The inauguration made me proud to be an American, by the way. We have an open, pluralistic society that cherishes its free market of ideas. But on Tuesday we are reminded that we are one people. Aside from leaving the country or dying, there is no way we can divorce each other; Americans are brothers and sisters, our fortunes entangled.
The success of a democracy is not rooted in the success of your worldview. Its success is affirmed when the answer to “Did we govern ourselves?” is “Yes”. Tuesday, I was reassured that we did, and my worldview, or about 55% of it, lost out.
There really isn’t anything else to talk about in this thread. You would only understand me if I agreed with you. I got that. The only defense I need is unnecessary, that my opinion is not informed solely by religion (I would still have a say in making law if it was). The truth is that defense of marriage laws do not fail the “Lemon Test”, which is why a pluralistic society like ours have them. I promise I won’t comment further. There’s no point. Take care y’all.
Comment by: Helen
83Jim J wrote:
You had your right to one vote like everyone else – it was a level playing field. You still have your right to vote – nothing has been taken away from you.
You having a vote on whether gay people can marry but them not having one on whether you can marry – that’s not a level playing field.

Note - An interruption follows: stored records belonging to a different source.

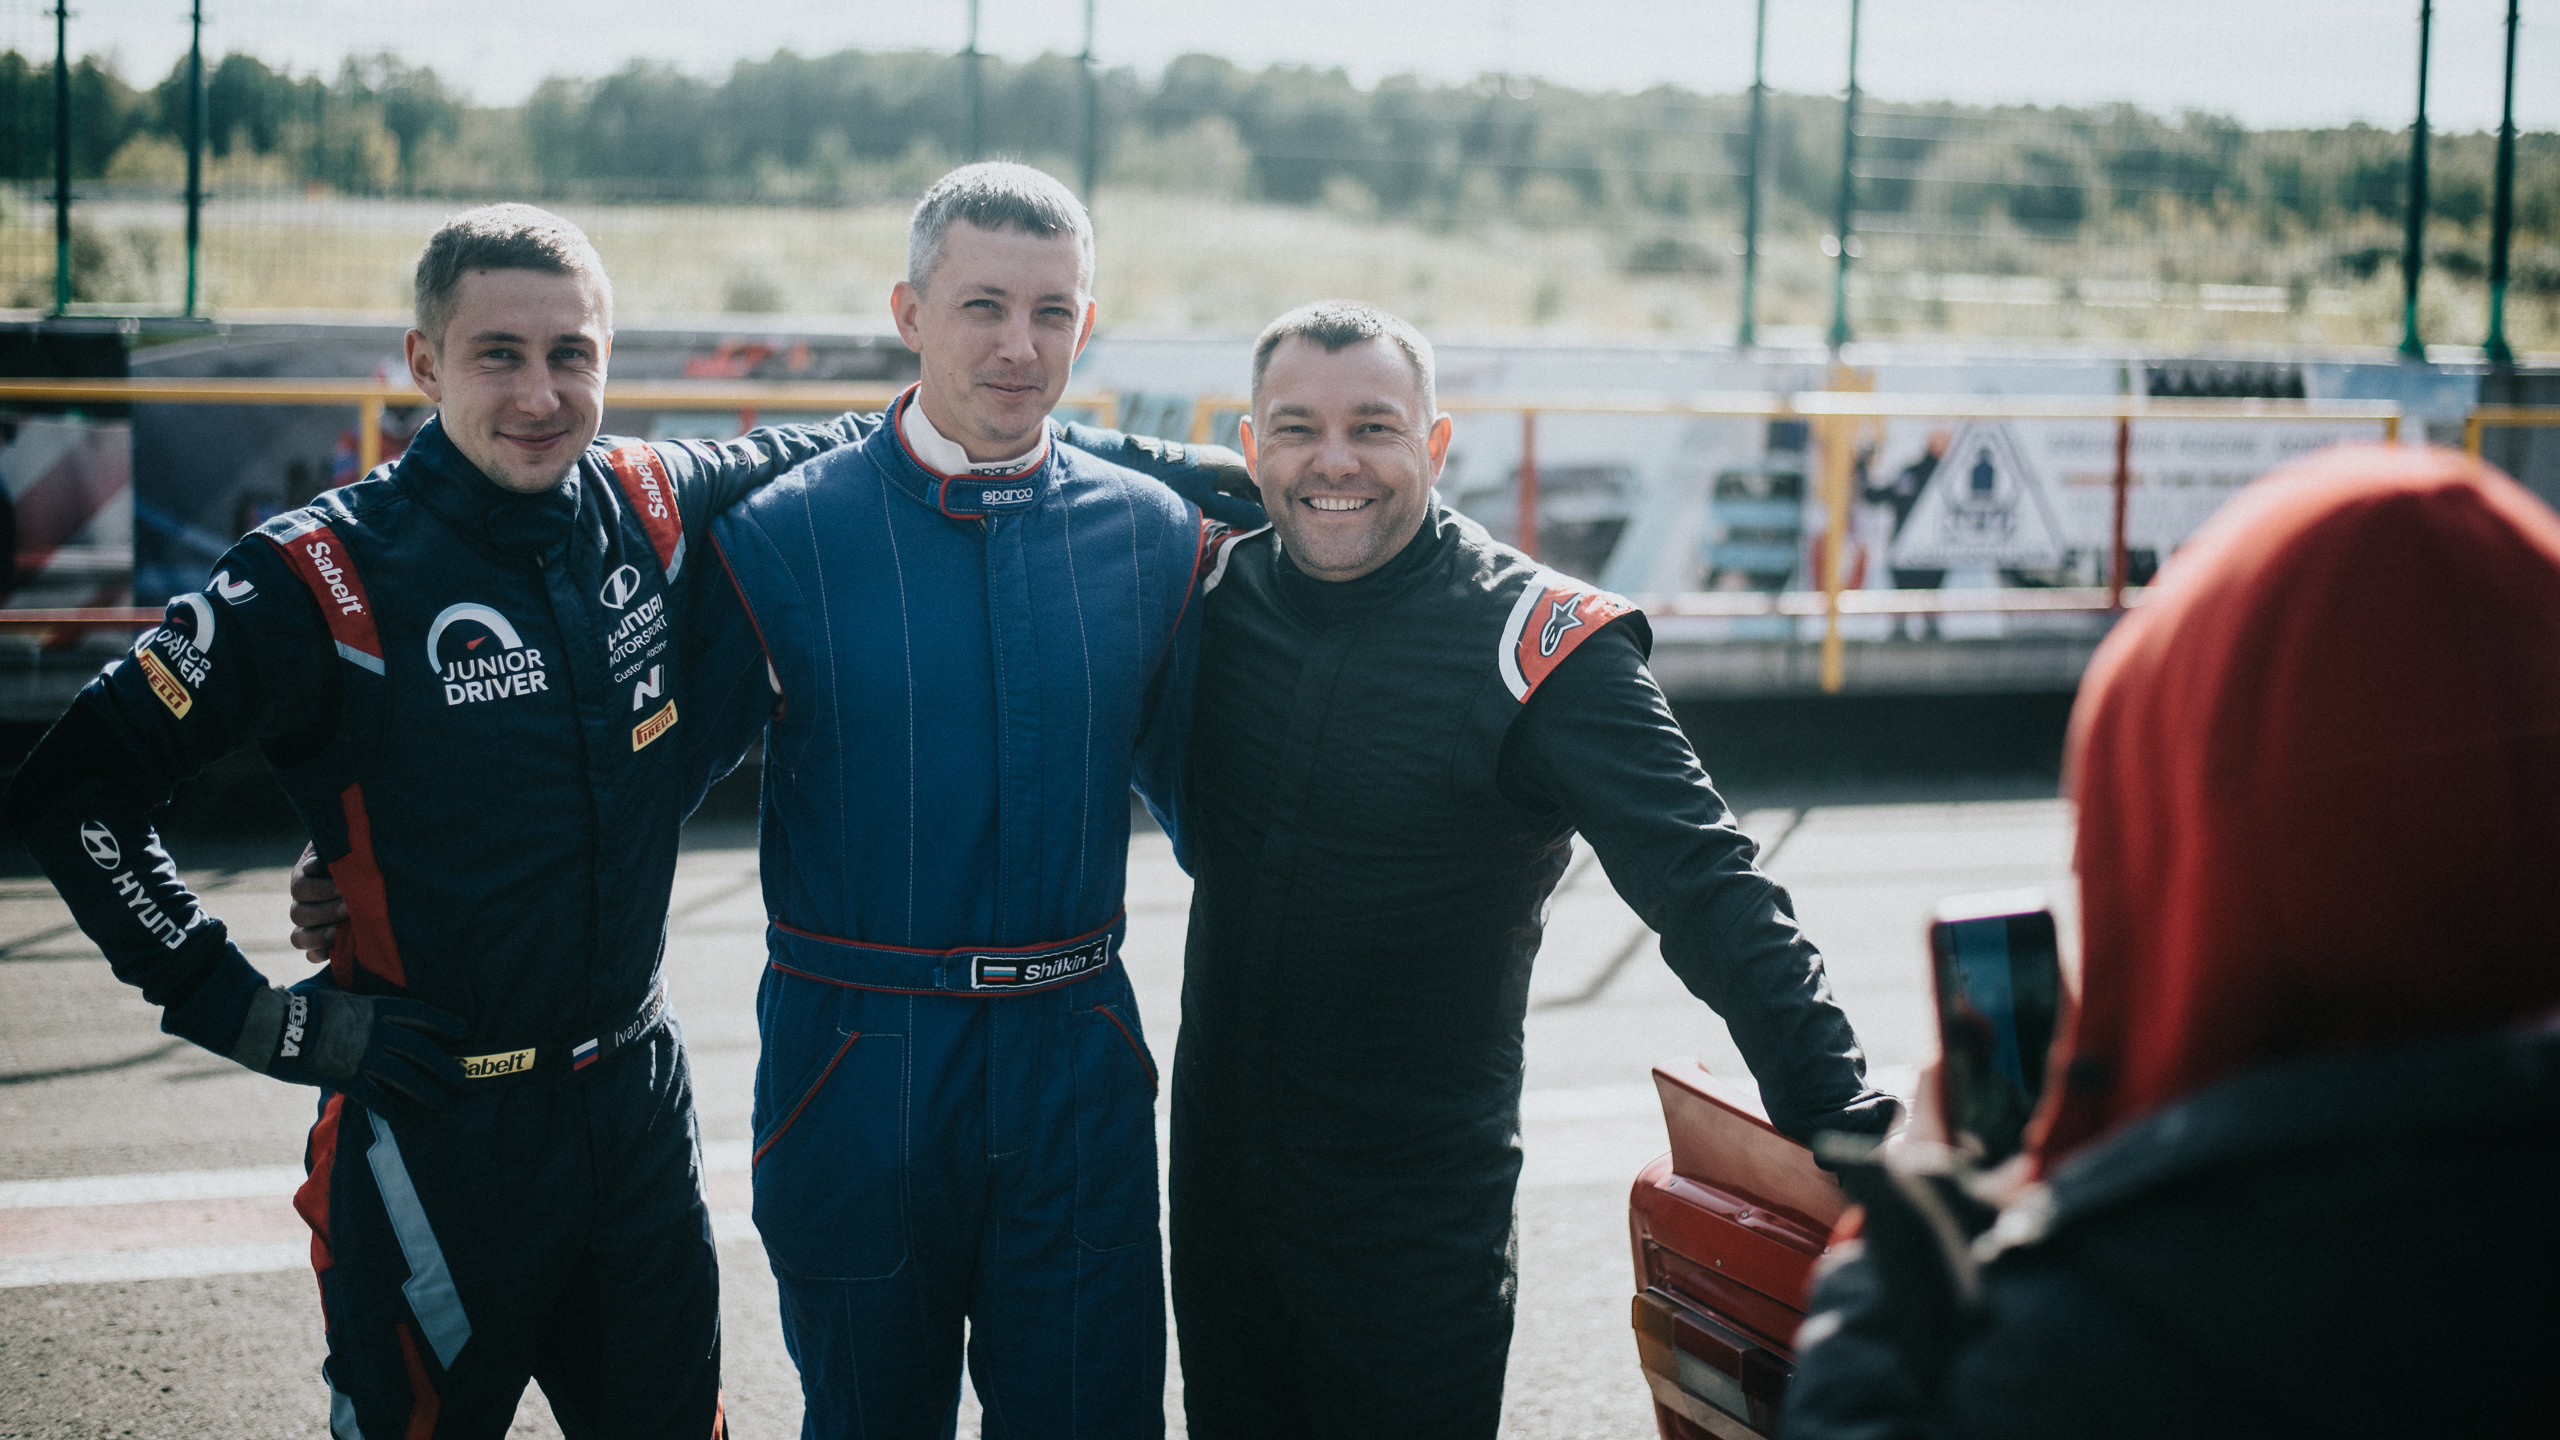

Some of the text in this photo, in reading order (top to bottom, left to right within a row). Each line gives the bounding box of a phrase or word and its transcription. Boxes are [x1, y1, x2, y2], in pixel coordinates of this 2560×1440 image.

[982, 487, 1034, 507] sparco
[306, 541, 364, 616] Sabelt
[608, 593, 663, 652] HUNDAI
[156, 629, 206, 689] DRIER
[443, 648, 546, 683] JUNIOR
[444, 669, 549, 706] DRIVER
[636, 705, 674, 745] PIRELLI
[1024, 954, 1086, 981] Shilkin
[615, 1020, 641, 1048] Ivan
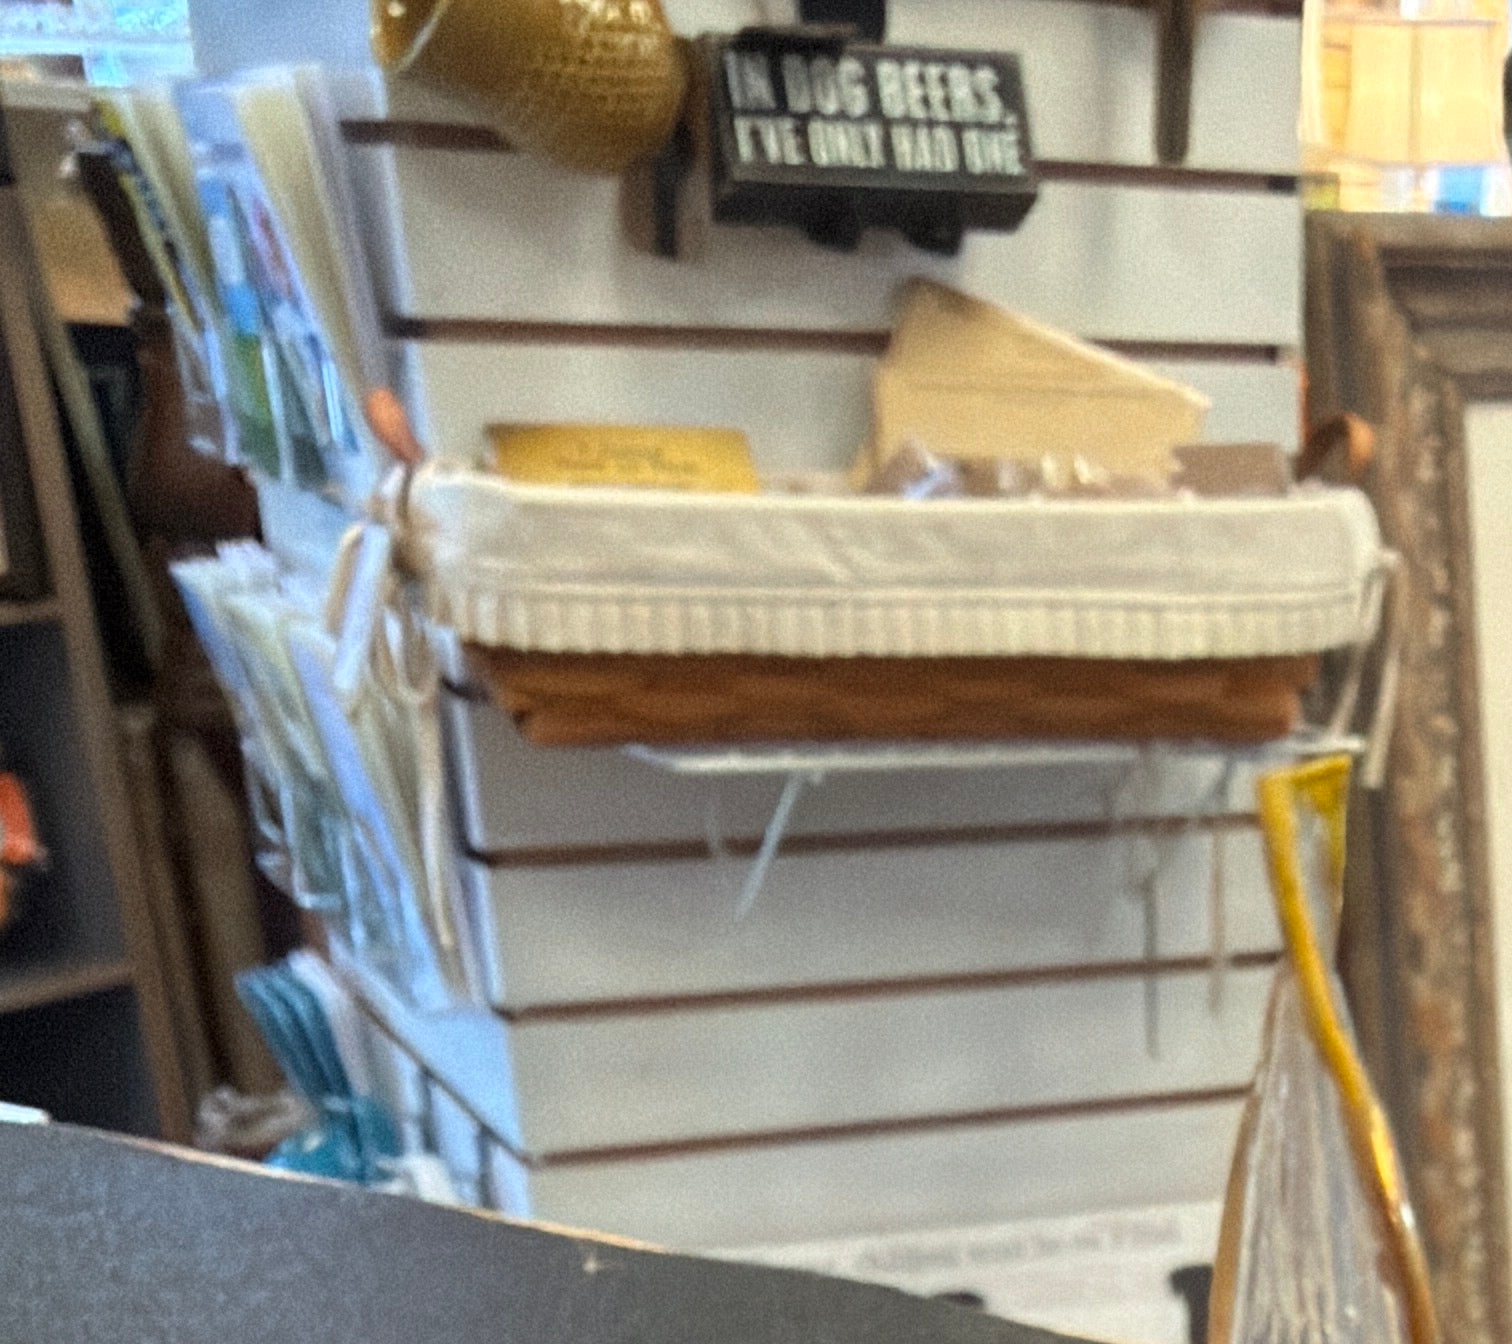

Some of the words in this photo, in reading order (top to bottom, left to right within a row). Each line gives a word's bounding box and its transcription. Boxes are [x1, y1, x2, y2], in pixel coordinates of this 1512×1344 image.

[724, 51, 776, 110] IN
[782, 54, 869, 117] DOG
[807, 119, 885, 168] ONLY
[889, 124, 959, 172] HAD
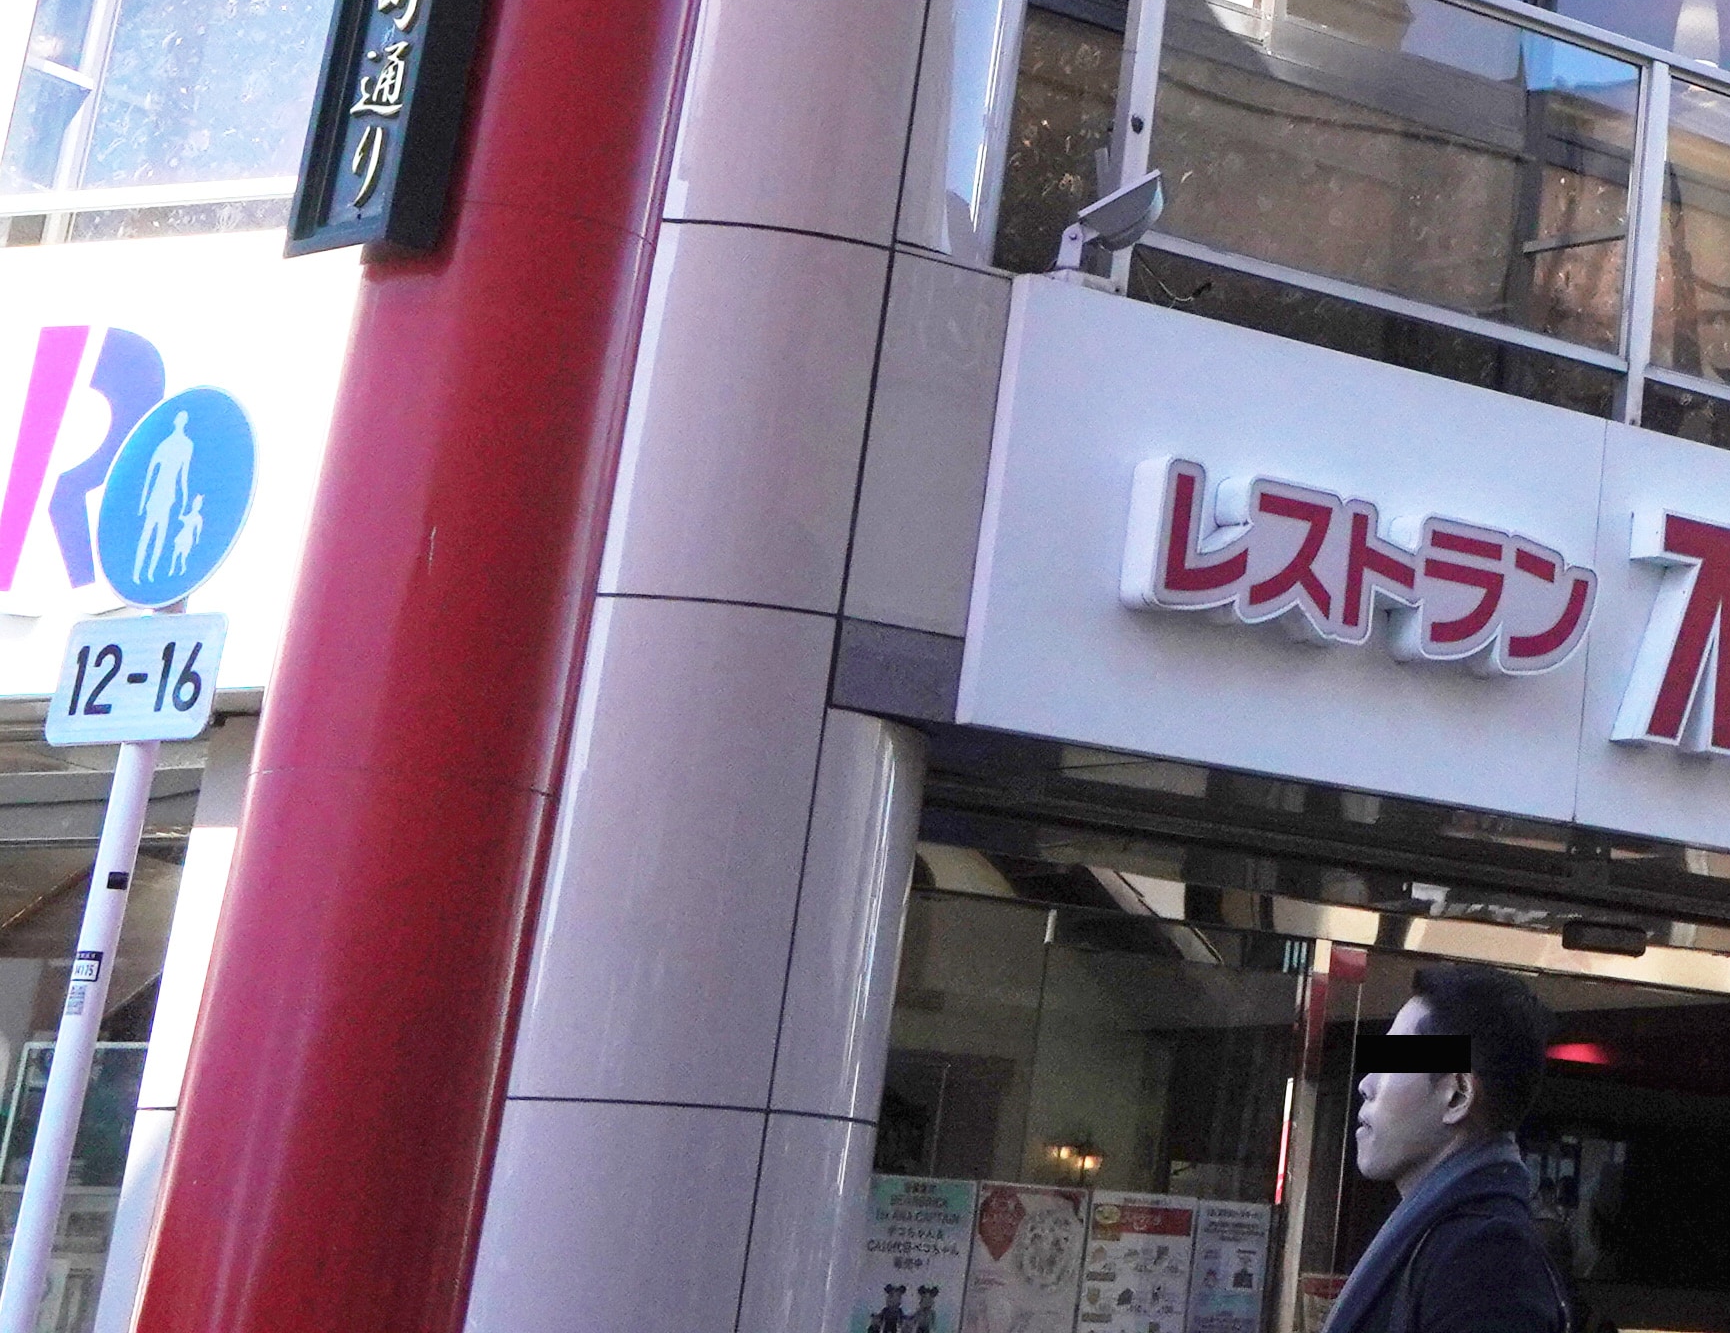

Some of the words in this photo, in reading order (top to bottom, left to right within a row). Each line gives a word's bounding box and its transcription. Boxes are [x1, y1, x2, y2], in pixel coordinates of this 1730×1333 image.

Jim, thanks for participating in the conversation.
Comment by: Helen
84Jim J wrote:
I still have a hard time thinking of myself as American (I’m a dual citizen, raised in the UK) but otherwise this is something we agree upon.
Comment by: Doreen
85Eek, if we start bringing Warren Throckmorton (post 56) and Exodus into this, we’re falling into pseudoscience, and lies, myths, and fairytales very fast. This will get us way off the original topic, lol.
I’m doing some interesting reading & study on, if homosexuality is a learned behavior, who did the first gay man and lesbian learn it from? (Certainly NOT from one another, lol.)
Comment by: martingugino
86Interesting thread I am sure, but I wish the technology allowed one to follow each sub issue’s pros and cons in some kind of definitive way, and did not require one to read the whole thing in all its convoluted glory.
Comment by: Helen
87Martin, yes, that would be helpful – I’m afraid we don’t have that technology on this blog.